Recorded data:
--- START ---
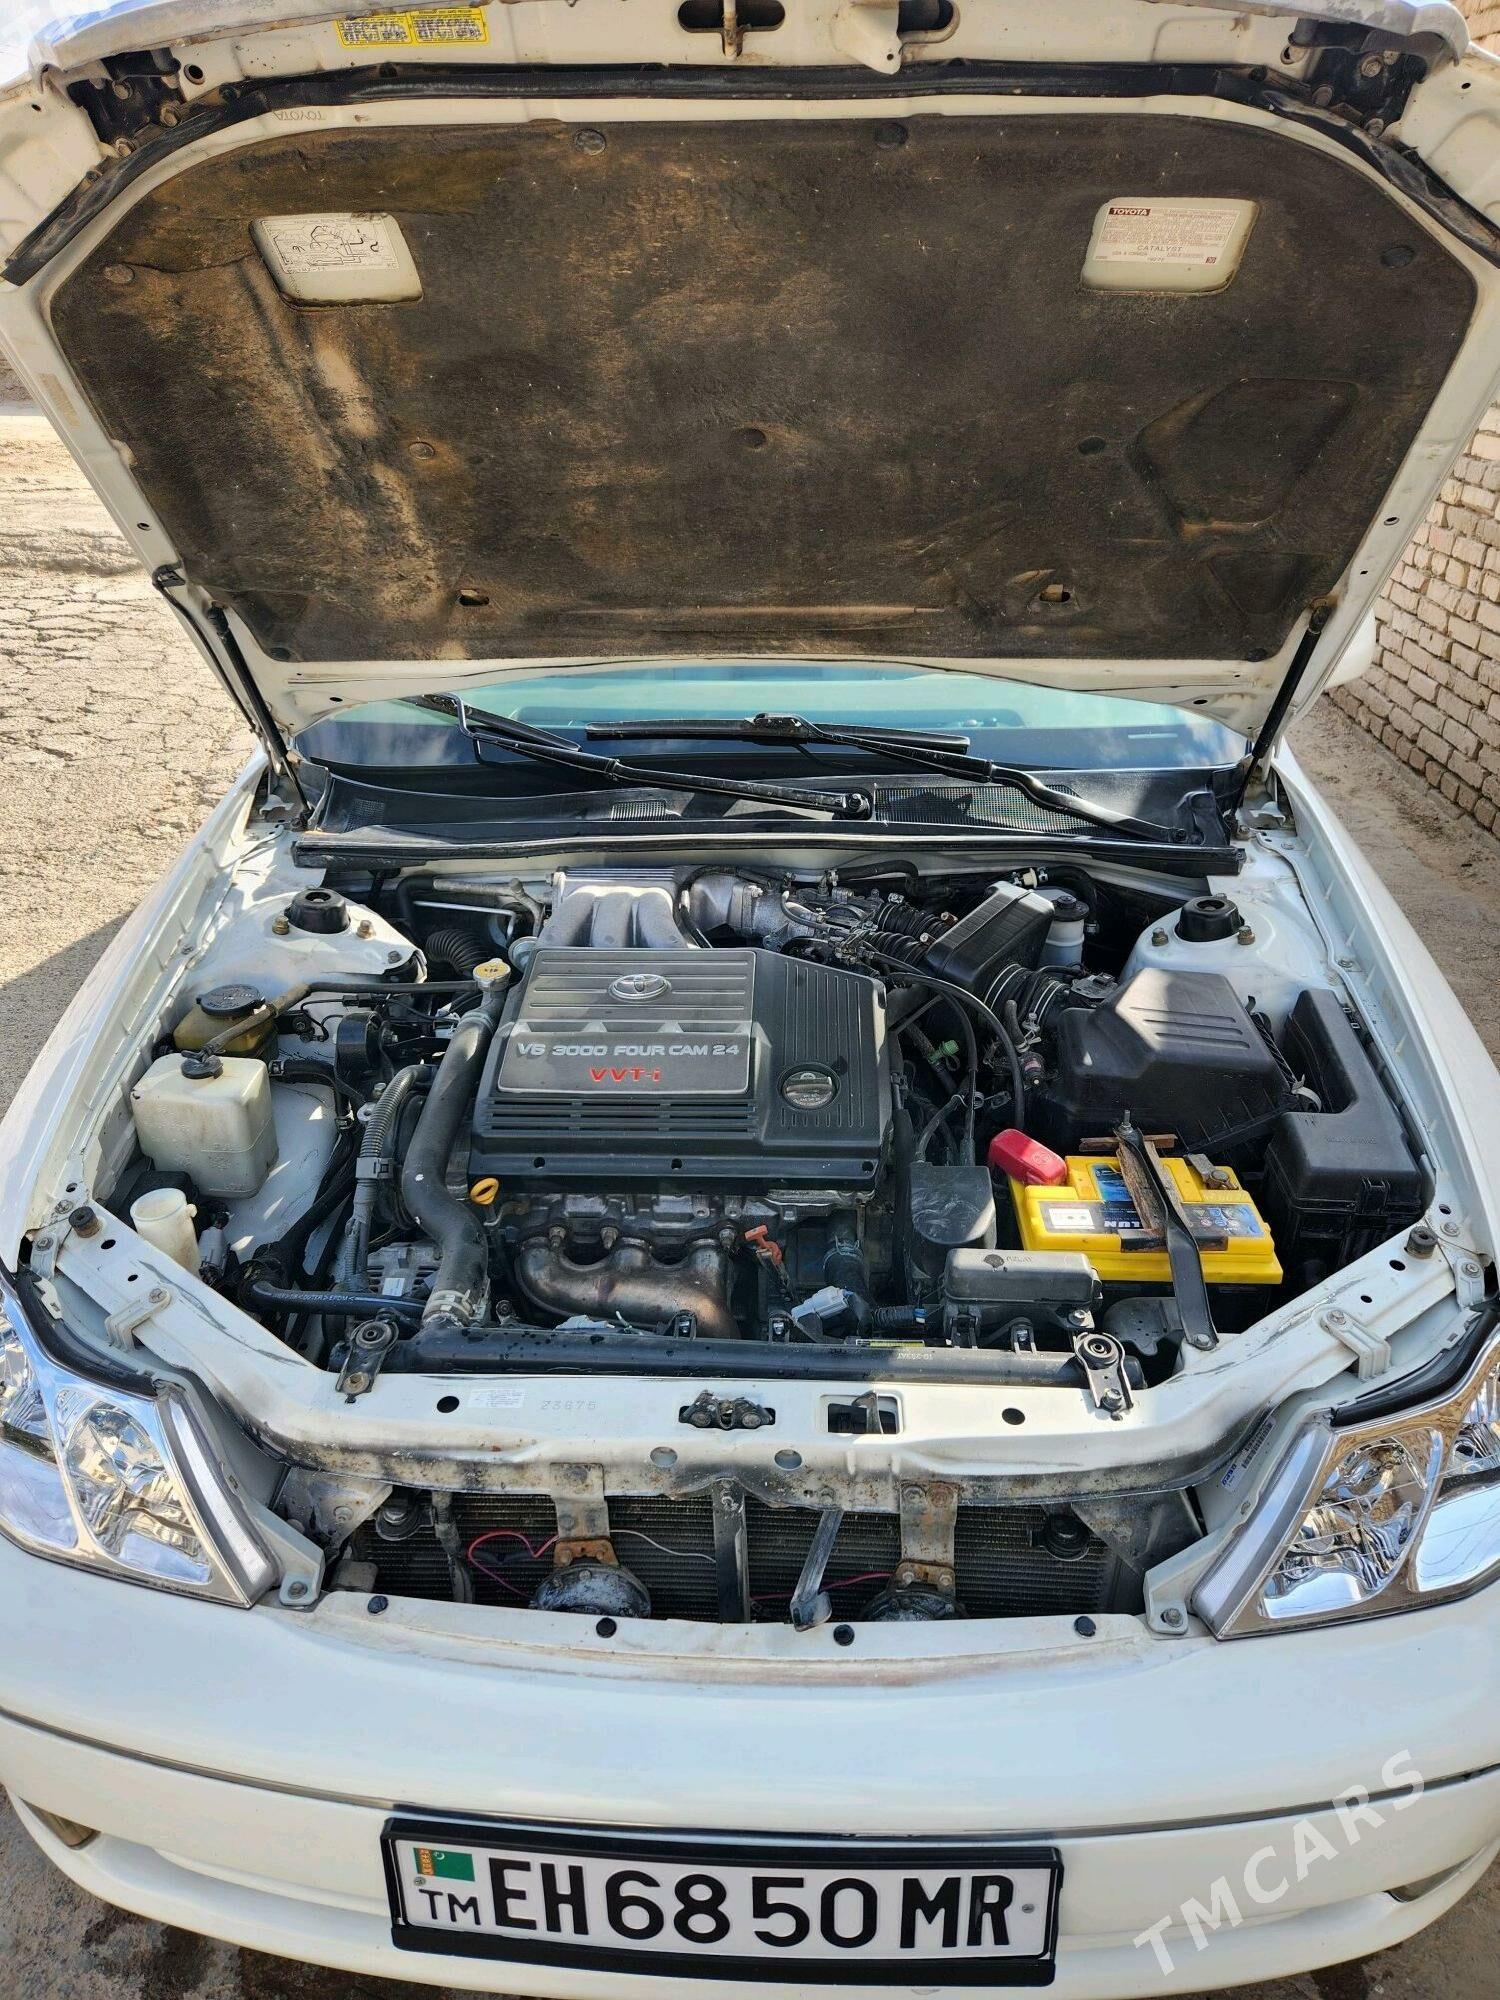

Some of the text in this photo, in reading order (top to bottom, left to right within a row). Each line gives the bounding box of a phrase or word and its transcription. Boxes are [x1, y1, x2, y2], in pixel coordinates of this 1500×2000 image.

[1112, 208, 1148, 216] TOYOTA
[517, 1043, 740, 1056] V6 3000 FOUR CAM 24
[588, 1066, 663, 1082] VVT-i
[418, 1888, 482, 1926] TM
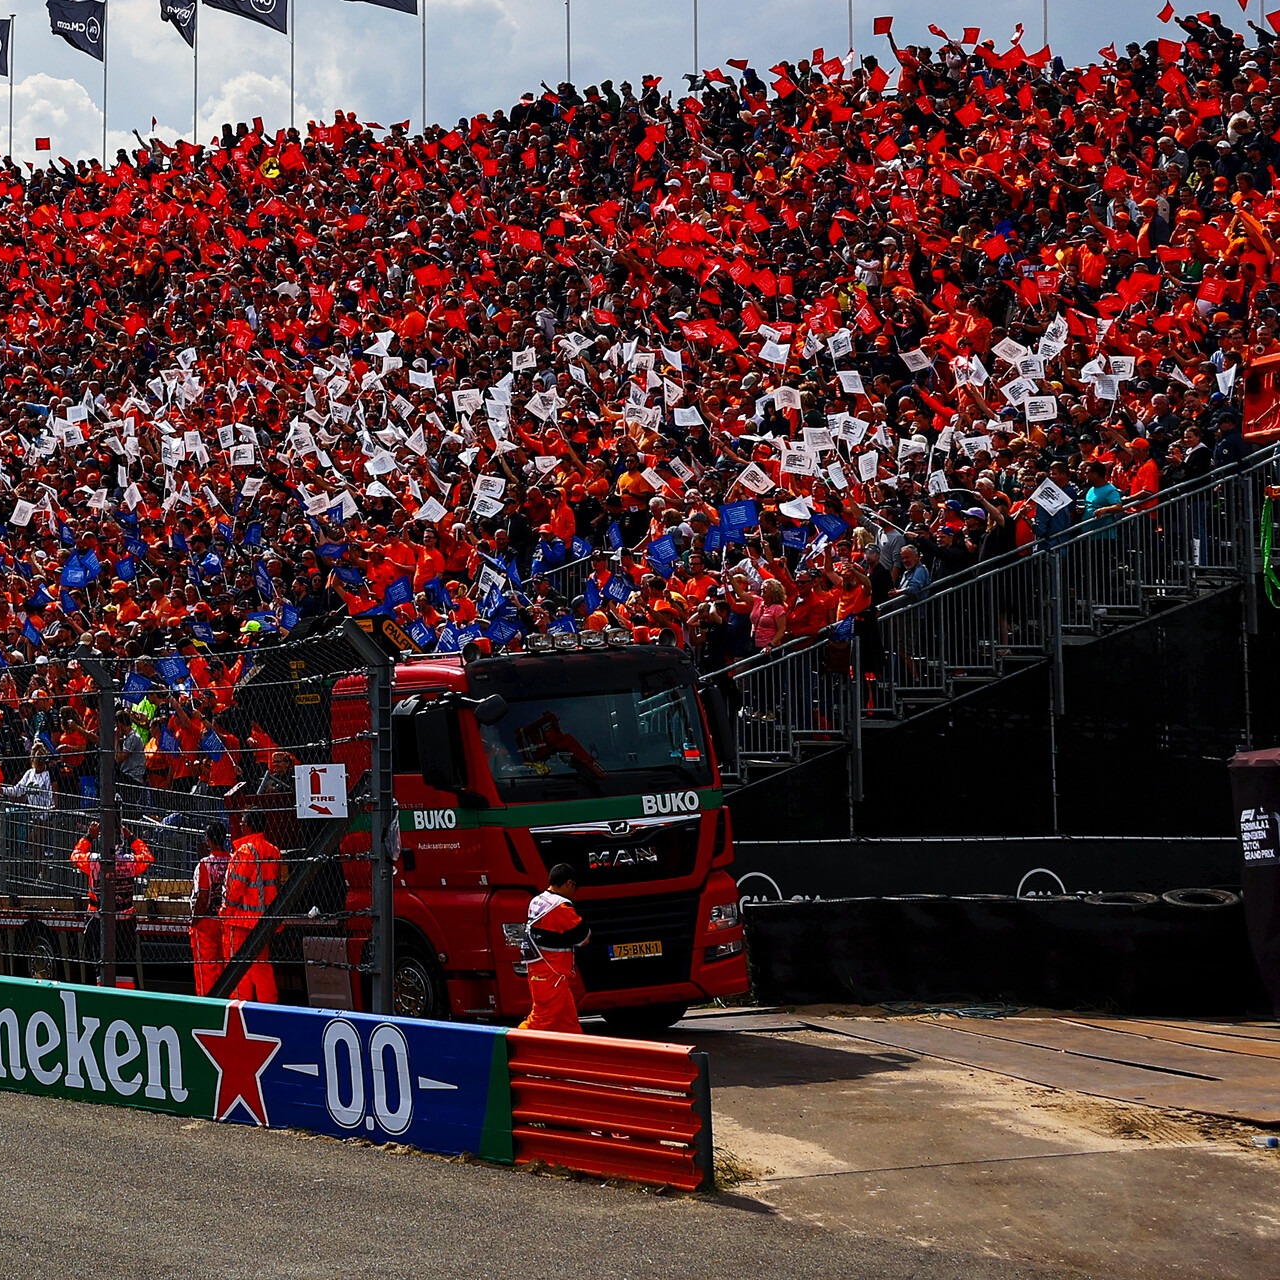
--- END ---
● Aim of the exercise
Repeat every entry above exactly; images stay out of the copy.

● Your response
Some of the text in this photo, in reading order (top to bottom, left to right within a row). Each line gives the bounding box of a phrase or word and its transcription. Boxes are [x1, y1, x2, y2], in pixel coordinates of this 1500×2000 image.

[1112, 208, 1148, 216] TOYOTA
[517, 1043, 740, 1056] V6 3000 FOUR CAM 24
[588, 1066, 663, 1082] VVT-i
[418, 1888, 482, 1926] TM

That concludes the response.